Karl Thomas Mozart (Note: His name was also spelt as Karlus, Carl or Carlus.) (21 September 1784 – 31 October 1858) was an Austrian musician. He was the second son and, along with his brother, one of the two surviving children of Wolfgang and Constanze Mozart. The other was Franz Xaver Wolfgang Mozart.

== Biography ==
Karl was born in Vienna. His schooling, in Prague, was under Franz Xaver Niemetschek and František Xaver Dušek, and he became a gifted pianist. Before he finished his schooling, however, he left for Livorno in 1797 to begin his apprenticeship with a trading firm.

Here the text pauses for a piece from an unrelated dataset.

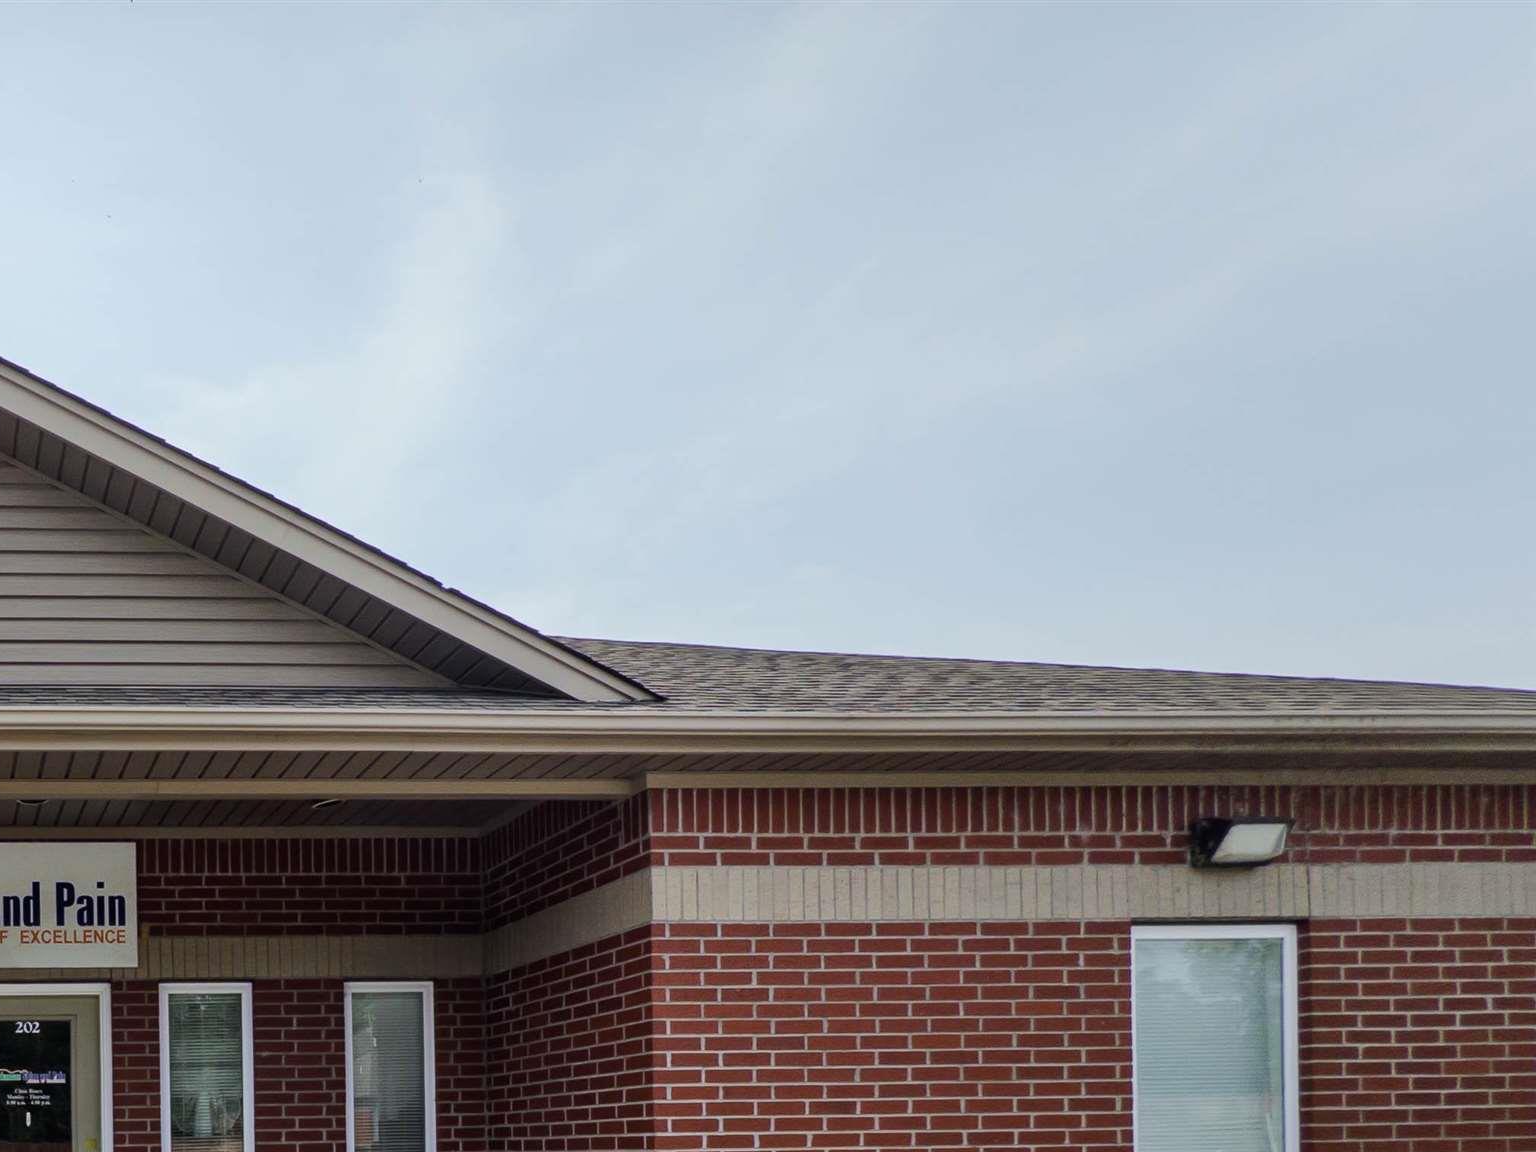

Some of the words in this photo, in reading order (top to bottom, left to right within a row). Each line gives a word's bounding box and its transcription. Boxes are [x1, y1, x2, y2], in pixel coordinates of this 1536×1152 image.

He planned to open a piano store in the following years, but the project failed for lack of funds. He moved to Milan in 1805 and studied music with Bonifazio Asioli, though he gave up his studies in 1810 to become an official in the service of the Austrian financial administration and the governmental accounting department in Milan. He also served as official translator for Italian for the Austrian Court Chamber. He owned a house in the village of Caversaccio in Valmorea, Province of Como not far from Lake Como and Lake Lugano; he appreciated the amenities of the place and the wholesomeness of the water. He bequeathed the house to the town, which is stated on a plaque dedicated to him. The Town Hall keeps a copy of the will.

He also frequently attended events related to his father until his death in Milan in 1858. Like his brother, he was unmarried and childless; thus the Mozart family line died with him.